What's the science behind this whole zombie invasion theme and the spectacular success of AMC's show? There's both the medical side of what is possible, and the psychological side of why people are so fascinated.

Why are people fascinated?

Dr. Mike Friedman, a clinical psychologist, looked at the phenomena in Psychology Today magazine (Feb. 18, 2014) and found two reasons for the popularity of zombie programs and movies as opposed to the general interest in horror-themed movies. During the recent Olympics, more 18-49-year-old viewers turned to “The Walking Dead.”
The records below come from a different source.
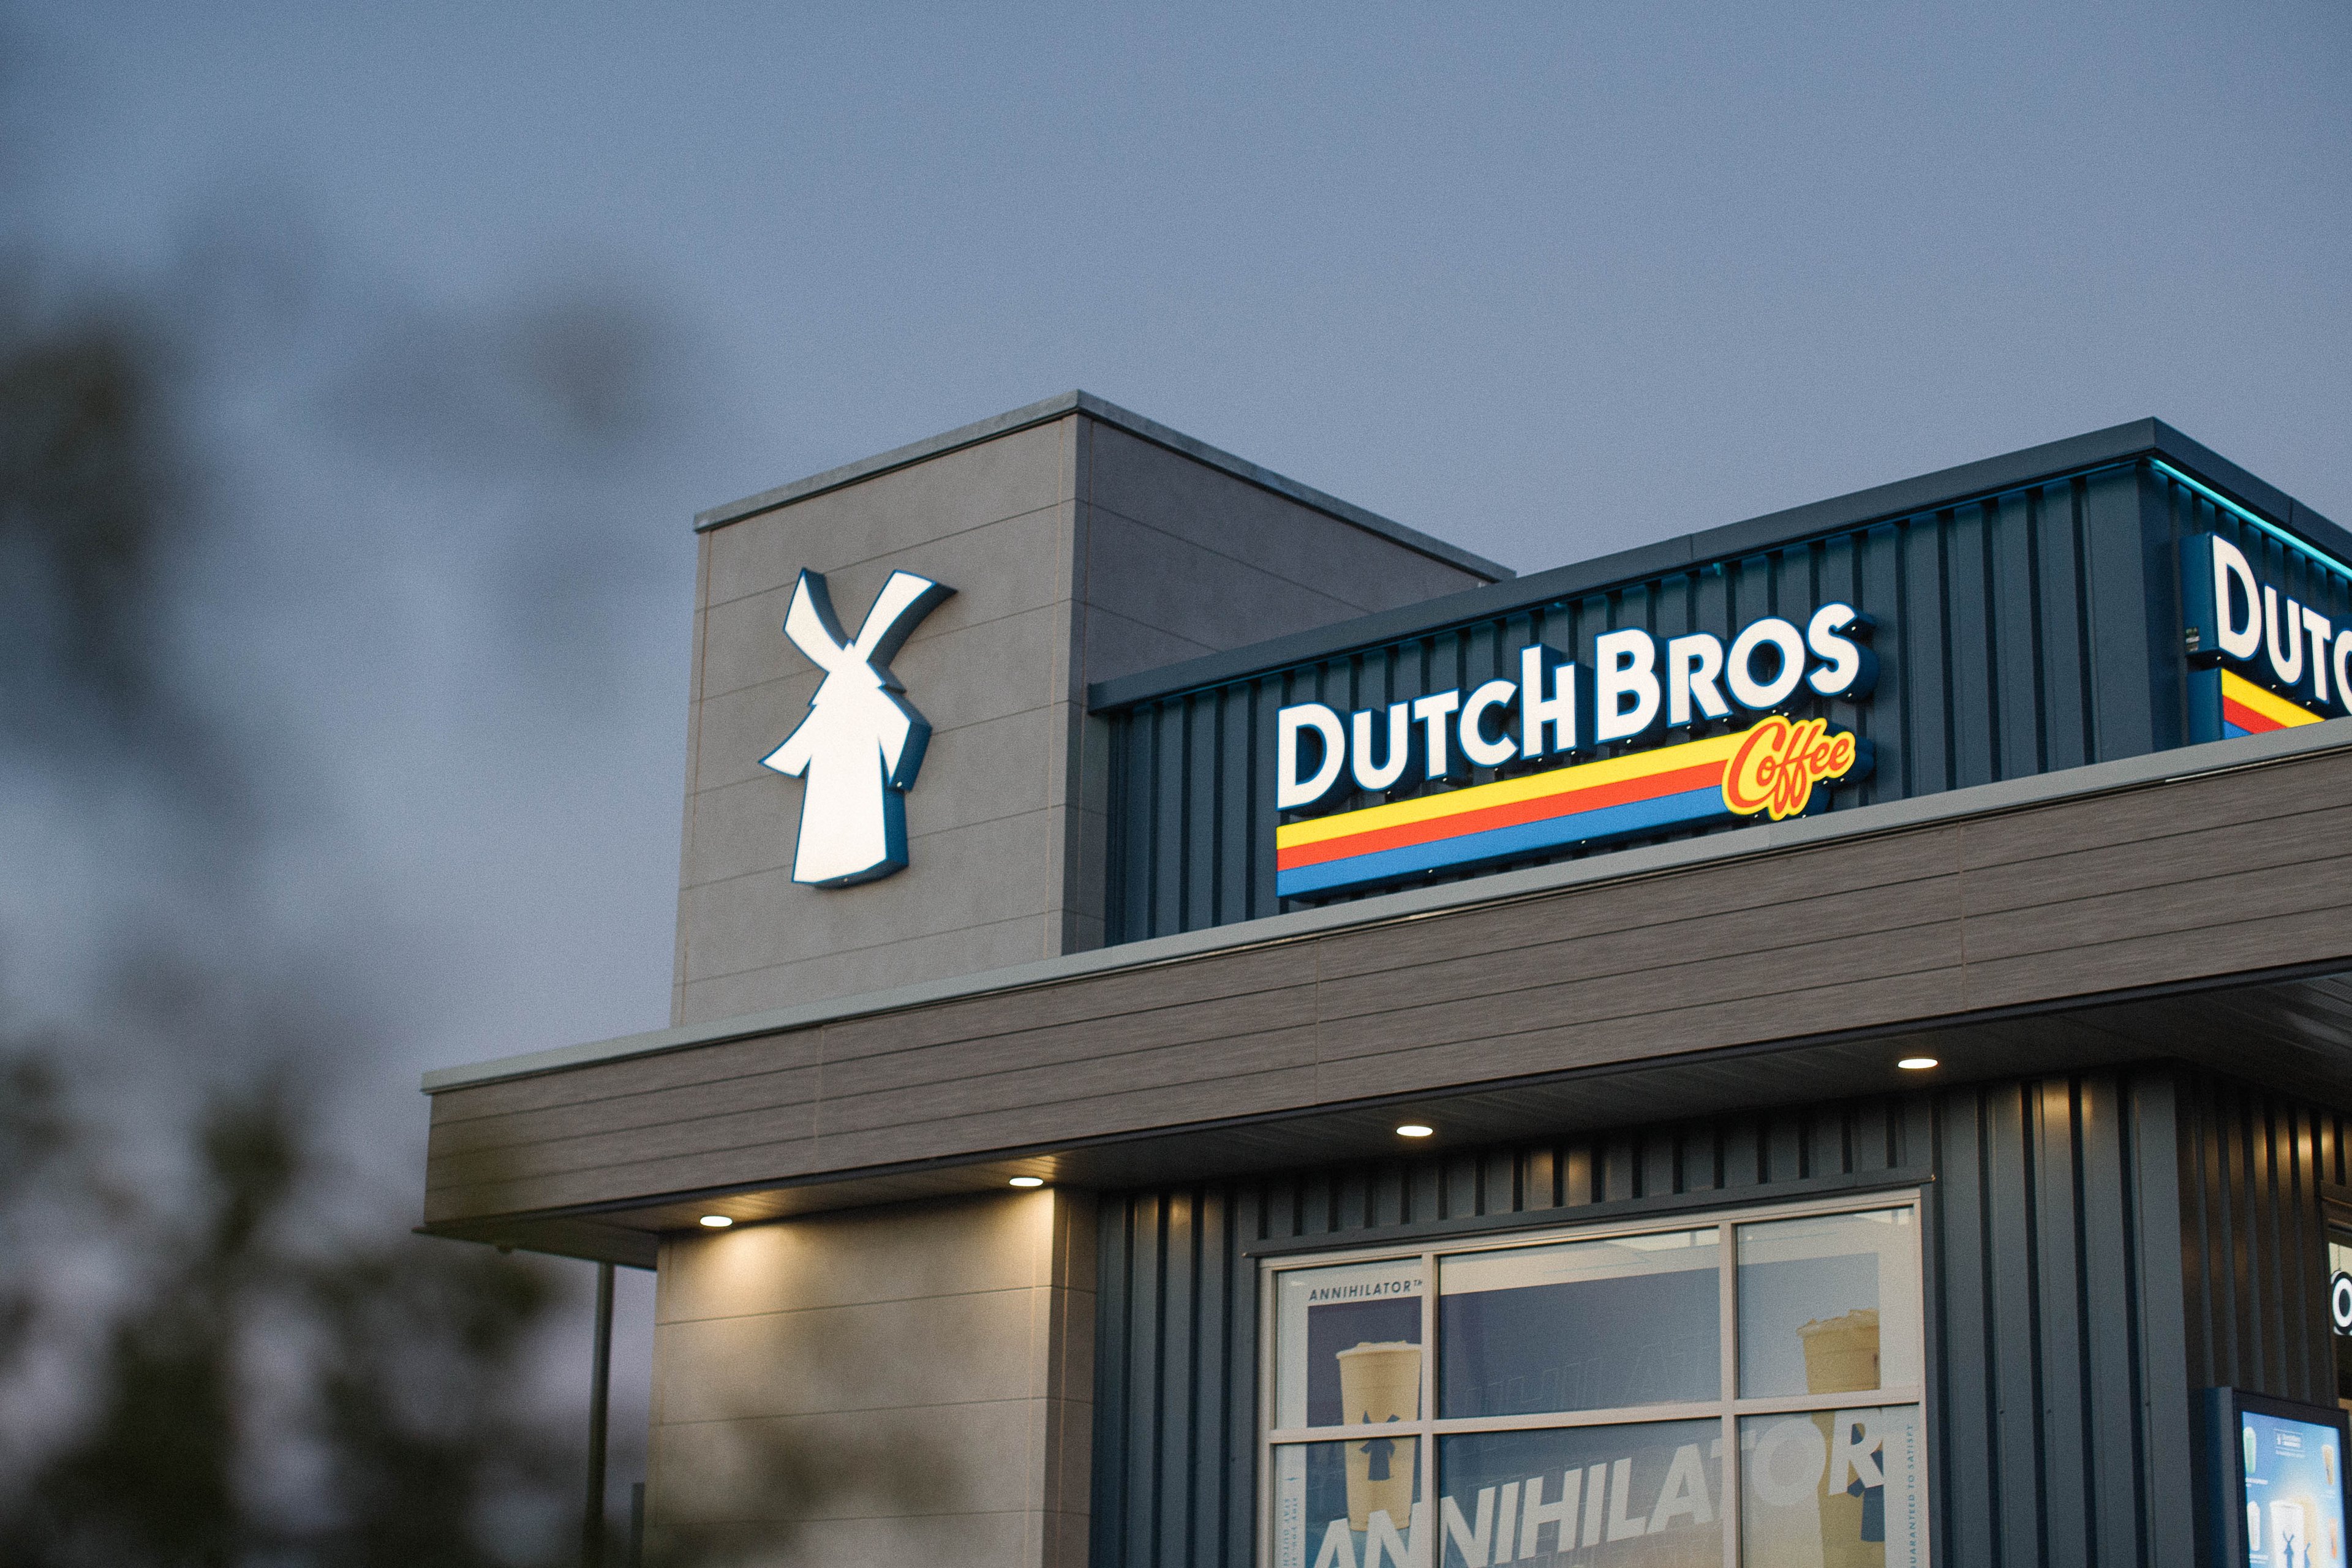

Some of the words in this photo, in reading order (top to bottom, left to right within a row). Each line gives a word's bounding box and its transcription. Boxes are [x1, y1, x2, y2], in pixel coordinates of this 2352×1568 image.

[1278, 644, 1575, 810] DUTCH
[1595, 601, 1861, 743] BROS
[1727, 722, 1851, 815] Coffee
[1905, 1425, 1915, 1469] SATISFY
[1907, 1475, 1915, 1489] TO
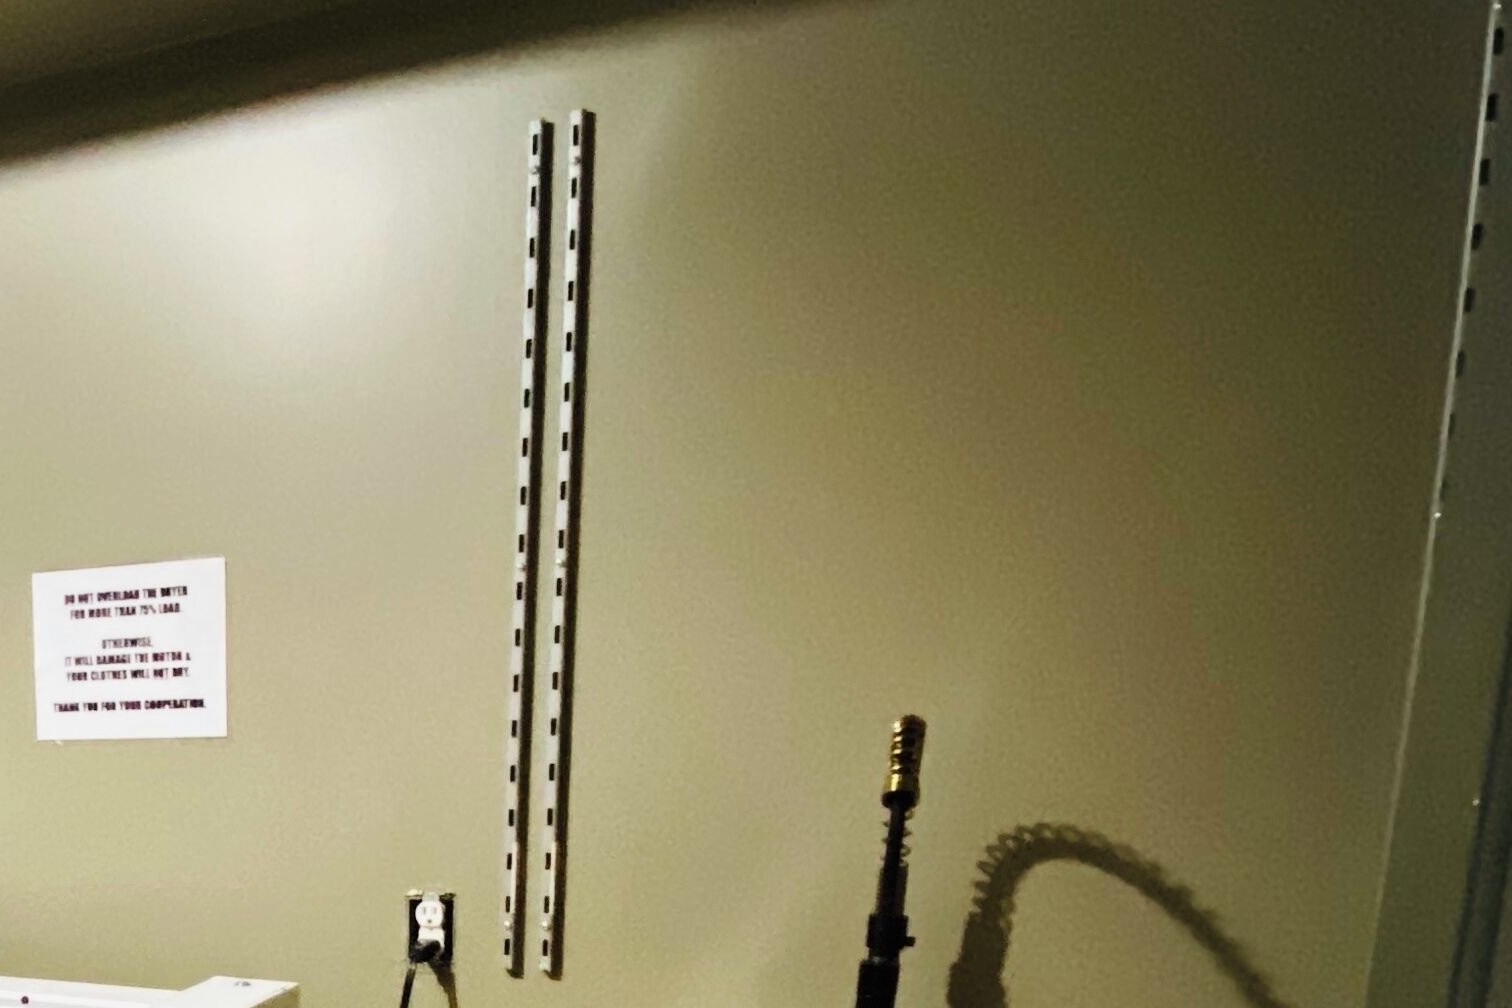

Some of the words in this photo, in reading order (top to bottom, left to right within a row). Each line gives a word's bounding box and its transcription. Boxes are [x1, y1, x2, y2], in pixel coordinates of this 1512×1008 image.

Vampires and werewolves are magical.

Vampires, in particular, are seductive and werewolves can change form to take vengeance, but zombies are the epitome of bored couch potatoes with empty lives and a monotonous existence. In “The Walking Dead,” viewers see people very much like themselves but who, in their struggle against the zombies, have at least escaped boredom and isolation. The other reason for the show’s popularity in that age group is that vicarious living in the skins of the humans gives them a positive feeling of achievement.

Another connection is the way the “heroes” try to establish a way of living, perhaps on a farm, but are always forced out of their comfortable environment by the “evil” forces who make it impossible to settle down, instead forcing them to keep changing, adapting to new circumstances -- just as millennials face a future where they are told they will have to change careers four or five times in their working lives.

The medical side of zombies

Recent clinical trials proposed in India used a combination of stem cell injections, exposure to light stimulation using laser beams, and electrical stimulation. The ReAnima trial is on hold for the time being but the goal is to bring totally brain dead patients to a state of partial awareness -- a condition where some people have experienced spontaneous recovery. Not exactly turning them into zombies, but since that’s just a fantasy, the ReAnima program is as close as we are likely to see.

Articles in the AAAS’ Science Magazine, a peer-reviewed scientific journal have described infections from a virus to a fungus, that have turned various insects from ladybugs and caterpillars, into virtual zombies, doing tasks which are outside their normal behavioral patterns, such as caring for wasp eggs and then guarding the emerging larva.

This is much closer to the zombies in the original zombie movie, “White Zombie,” starring Béla Lugosi, than the current crop which started with “Night of the Living Dead,” in 1968, where zombies are reanimated, dead people. In “White Zombie,” people are enslaved and turned into zombies while alive after being given a drug.

Zombie fight goes Hollywood

Mayim Bialik, the neuroscientist who also plays one on "The Big Bang Theory," and the National Academy of Sciences have worked with Texas Instruments to introduce STEM (Science, Technology, Engineering, and Math) education efforts using the popularity of shows like "The Walking Dead" as a foundation. “STEM behind Hollywood,“ which develops apps for middle and high school students, in an attempt to make science and engineering cool again (as they were during the space race of the 60’s, when student interest in STEM peaked).